Lytton squirmed, troubled.

“Yes, of course you know about Frænkel’s injuries, too. Well, Frænkel …”

“Father,” Eva said sternly.

Lytton looked away.

“I shot Knut Frænkel, Señor Titelman. I shot Knut Frænkel in the back when he and Nils Strindberg tried to run away.”

“In the back,” Don said skeptically. “Strindberg wrote that Frænkel was bleeding from the stomach.”

“The bullet went right through his body. In his back, out through Frænkel’s belly.”

Lytton leaned forward and placed the cigarillo in the ashtray on the glass table to go out on its own.

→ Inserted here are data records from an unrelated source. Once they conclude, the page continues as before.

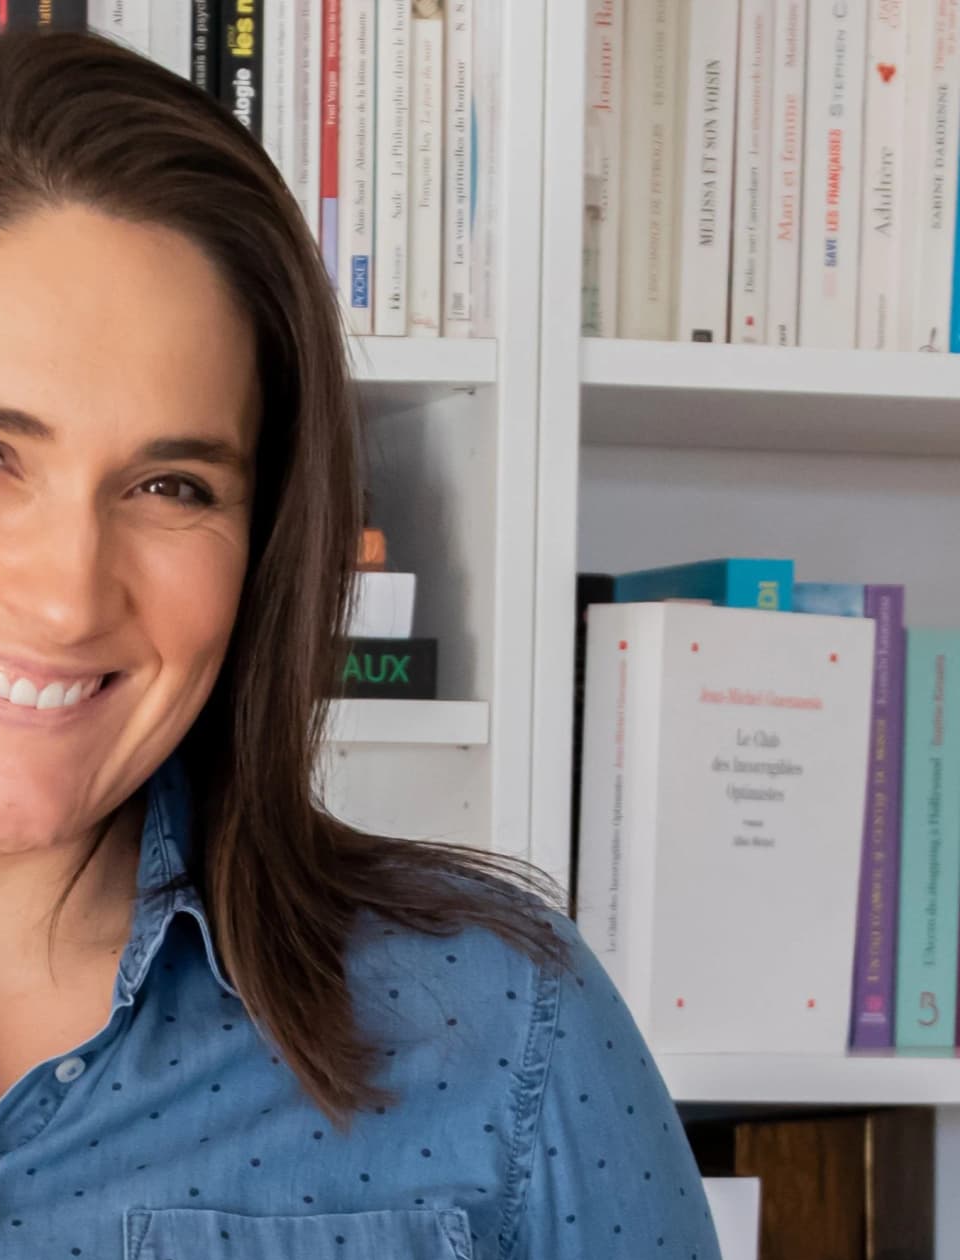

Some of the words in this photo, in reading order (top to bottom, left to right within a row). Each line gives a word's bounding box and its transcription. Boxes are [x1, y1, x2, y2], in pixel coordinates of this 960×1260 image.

[230, 17, 254, 57] les
[232, 67, 256, 127] ologie
[703, 59, 721, 114] VOISIN
[702, 118, 719, 150] SON
[826, 128, 845, 206] FRANÇAISES
[825, 210, 840, 232] LES
[343, 654, 411, 684] AUX

“But Nils Strindberg was stubborn. He managed to drag Frænkel all the way up to that crack in the ice. They must have managed to slide down along its walls, because we saw them moving in the dark, a hundred feet down. Olaf was crying and screaming that we should help them. But Frænkel was already a lost cause, and Strindberg would have reported us as soon as he got back to Svalbard. We would all have been hanged if I had let it happen.”

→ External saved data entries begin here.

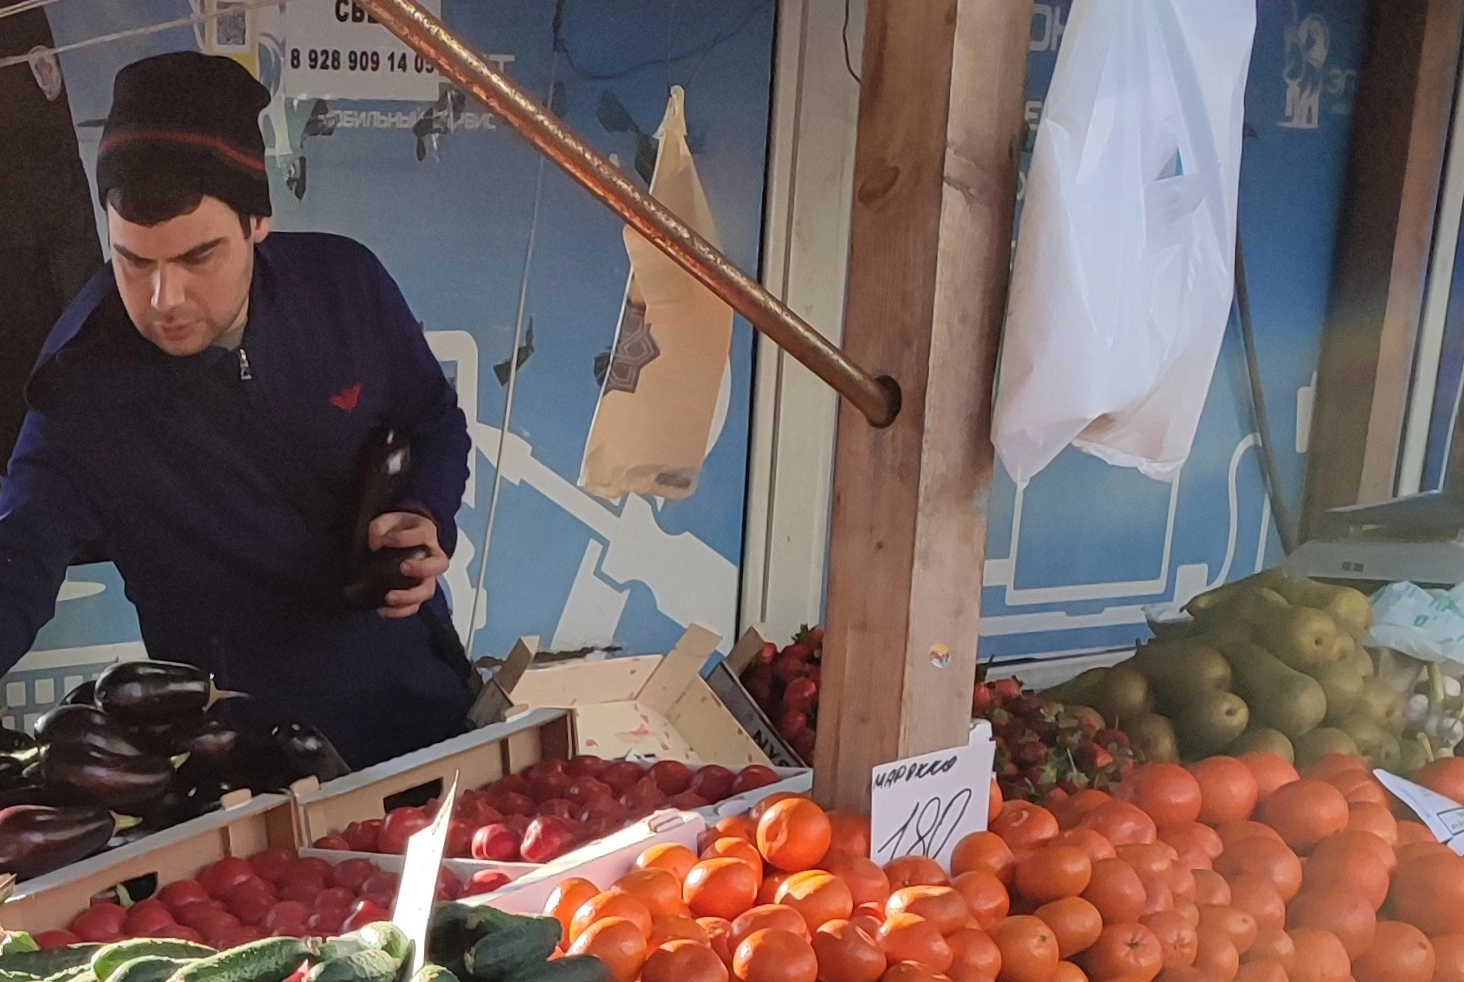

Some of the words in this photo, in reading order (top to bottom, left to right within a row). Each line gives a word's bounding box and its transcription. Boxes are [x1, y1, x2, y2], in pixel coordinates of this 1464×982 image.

[290, 48, 301, 69] 8
[308, 49, 341, 71] 928
[348, 50, 380, 72] 909
[387, 51, 408, 73] 14
[877, 788, 972, 861] 180
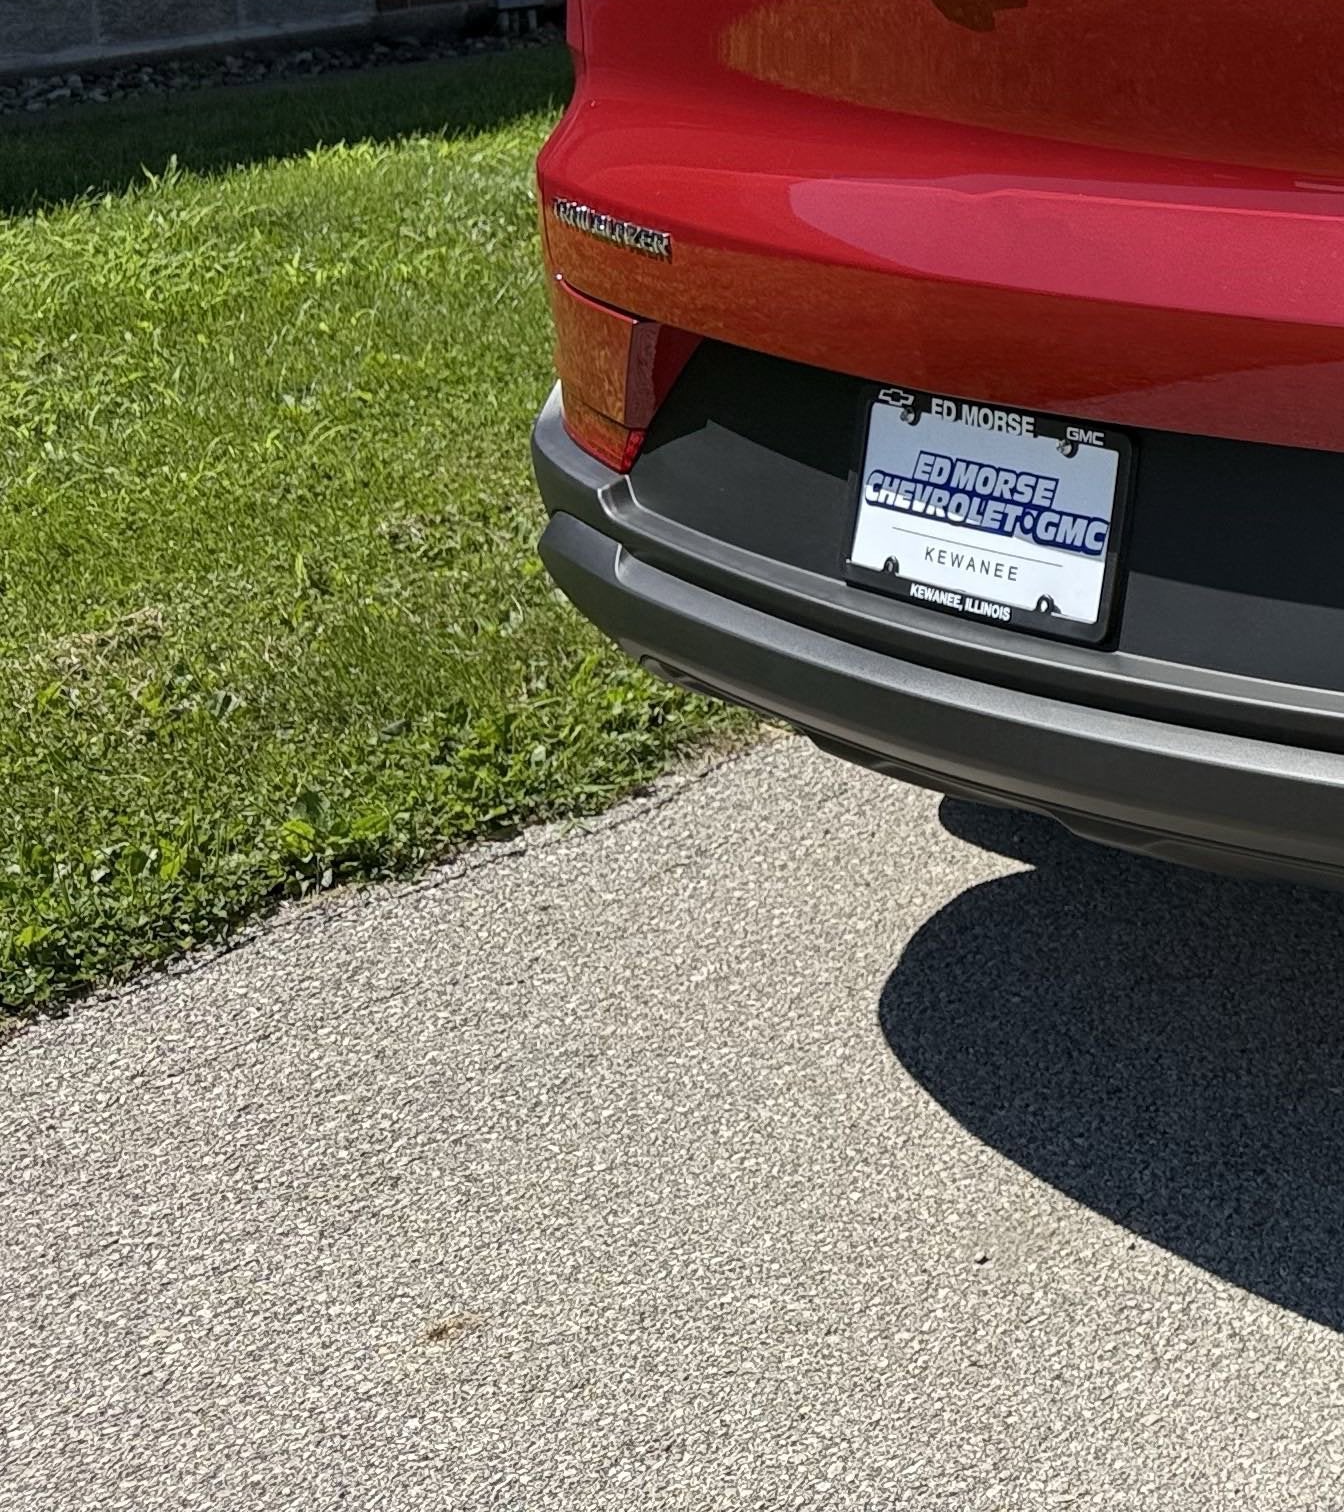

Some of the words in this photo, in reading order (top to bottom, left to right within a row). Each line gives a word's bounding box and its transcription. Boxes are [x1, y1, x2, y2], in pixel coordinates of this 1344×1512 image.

[931, 397, 956, 422] ED
[961, 404, 1035, 437] MORSE
[1066, 426, 1104, 446] GMC
[913, 451, 953, 486] ED
[950, 458, 1059, 509] MORSE
[924, 546, 1018, 581] KEWANEE
[909, 583, 962, 611] KEWANEE,
[964, 598, 1011, 622] ILLINOIS

“So you just let them slowly freeze to death down there instead,” said Don.

He looked over at Eva, but her face was rigid, her eyes fastened on her hands in her lap.

“So what happened after you killed the Swedes?”

“Well, then …” Lytton mumbled. “Then we went down into the opening, and down there …”

The old man closed his eyes.

“Down there was a world that was impossible for us to understand. We were simple Norwegian sailors, Señor Titelman. It was … it was incomprehensible. But we did manage to figure out enough to realize that Strindberg’s star and ankh functioned as some sort of key to the underworld. And to see what that key was worth, we contacted the expedition’s German financiers through a proxy …”

Don was transported back to the SS hall in Wewelsburg, where he heard Eberlein’s words once again. The Norwegians’ demands to the foundation that they receive payment to open the tunnel down to the underworld.

“Not just
open,
” Lytton snorted. “Is that what the foundation wanted you to think? Maybe that’s how it was at first, but later the collaboration between us and the Germans became equal. And our own researchers were at least as successful as the foundation’s at
turning dim visions into new chemical compounds and useful military technology. Just the advances that Fritz Haber made …”

Don felt the nausea roll over him as he thought of the gas displays in Ypres, Camille Malraux,
Tué à l’ennemi.
Once again he saw, in the Frenchman’s dried mouth, the star that Olaf had placed there.

“If you were so successful,” Don muttered, “then why did your own son hide the star in a grave?”